AUSTIN (KXAN) — A new order issued Thursday will push back eviction hearings in Travis County until June 1st.
Landlords can still issue notices to vacate to their tenants beginning May 8th, per the County Judge’s order. It has not yet been extended at this time.
This is a confusing time for tenants and landlords alike, who may be under different orders from their county, the state of Texas and even the federal government.
“It’s pretty shocking to them whenever I cite, here’s the statute, here’s what the moratorium says,” said Stuart Campbell, a housing attorney at Legal Aid of Northwest Texas.
Campbell says he’s working with a number of tenants who are dealing with unlawful evictions.
Last week we reported Travis County Justice of the Peace Nicholas Chu signed an order requiring landlords to prove their properties aren’t under federal eviction guidelines created by the CARES Act.
The legislation passed by Congress last month include a 120-day moratorium on evictions and the elimination of late fees for properties where the federal government has a financial interest.
The CARES Act could protect tenants in eligible properties from eviction until August 24.
You can check to verify whether your property falls under federal eviction protections using a database created by The National Low Income Housing Coalition.
The coalition says the database is not exhaustive and doesn’t include eligible single-family homes or all Fannie Mae and Freddie Mac mortgaged properties.
The Texas Supreme Court has also pushed back eviction hearings statewide until after May 18th.
Texas Law Help has put together a list of local eviction protection orders in Texas.
For example, Austin City Council passed an ordinance March 26 that requires landlords in the city to create a 60-day grace period after rent is due, so renters can come up with money or set up payment plans before being evicted.
Texas receives low grade for renter protections
A group of researchers from Princeton University known as the Eviction Lab gave Texas a low score for COVID-19 eviction protections.
The score of 1.28 out of a possible 5, while low, ranks the state 27th in the country.
The group says it ranks states based on the following:
- Initiation of eviction: whether a state bars landlords from serving tenants with notice to quit and filing an eviction action for nonpayment related to COVID-19 and other reasons.
- Court process: whether a state suspends eviction hearings, stays writs, orders, or judgments of possession, tolls or extends court deadlines, and seals eviction case records.
- Enforcement of eviction order: whether a state bars law enforcement from executing an eviction order, including cases of COVID-19-related hardship, nonpayment, or all non-emergency cases.

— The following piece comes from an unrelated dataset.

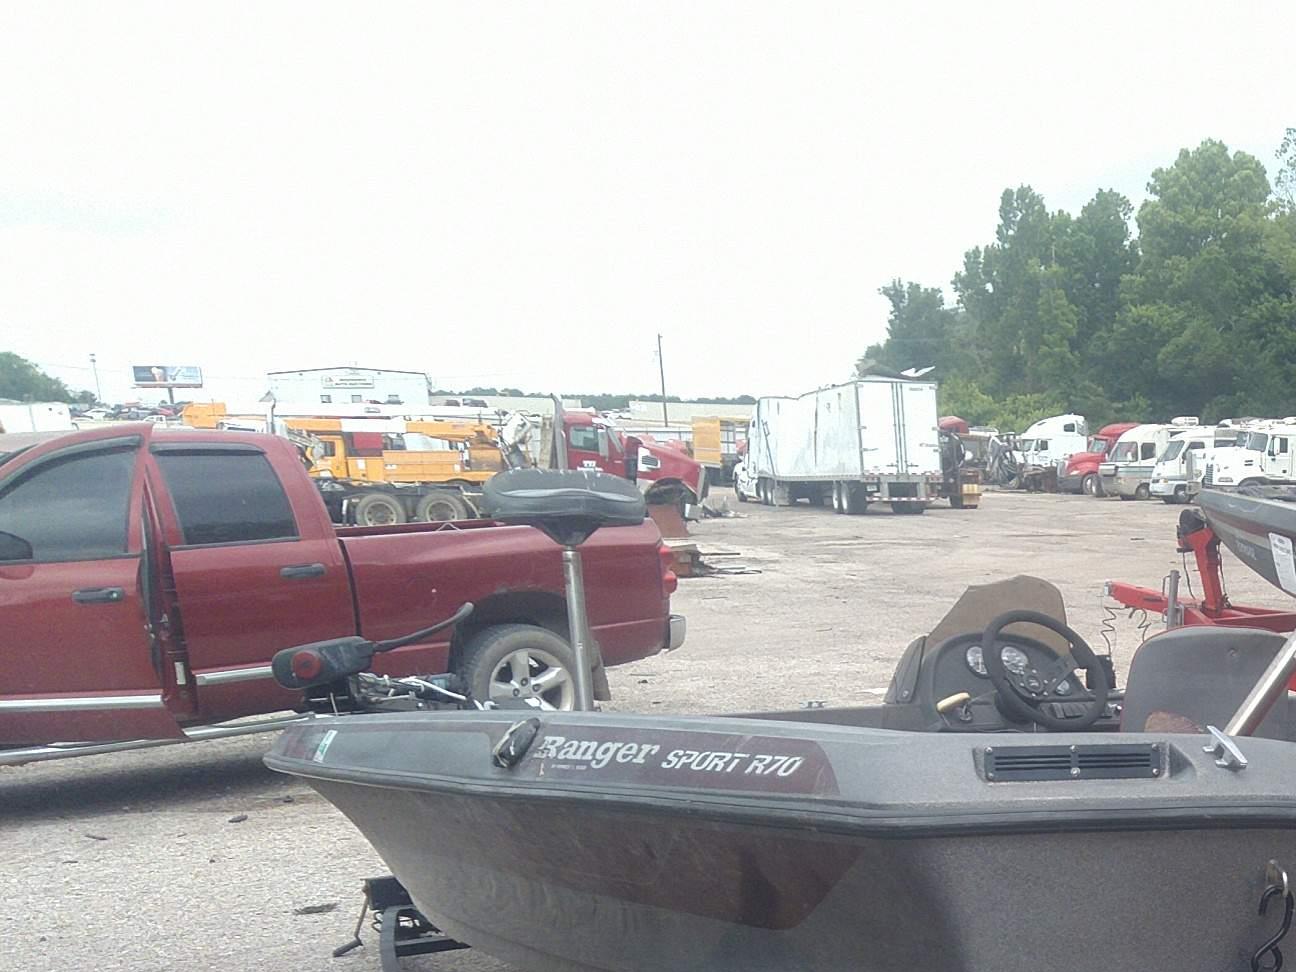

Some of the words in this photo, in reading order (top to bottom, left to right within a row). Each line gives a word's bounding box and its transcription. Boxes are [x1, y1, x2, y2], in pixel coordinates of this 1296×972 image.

[534, 735, 661, 769] Ranger
[661, 749, 750, 773] SPORT
[744, 756, 804, 777] R70

- Short-term supports: whether a state extends eviction moratoriums and emergency protections past the state of emergency, provides a grace period to pay rent, bars landlords from reporting tenants to credit bureaus, and halts foreclosures. In addition, the scorecard tracks whether utilities are barred from disconnecting service or are required to reconnect service without a fee, though these measures are not included in states’ final scores because the state is not always the actor.
- Tenancy preservation measures: whether a state bars late fees, extends tenants’ legal representation in housing court, provides for safe and decent housing (through rental assistance or some other measure to provide relief from rental debt), and bars rent raises during and after the pandemic.
You can see how The Eviction Lab ranks other states here.
Campbell tells KXAN weak protections for renters become even more glaring during an economic crisis like the one we’re experiencing now.
He says he’s seeing landlords try and take matters into their own hands, using wrongful lockouts and utility cutoffs.
“We’re going to see landlords getting away with things they wouldn’t have before,” he said.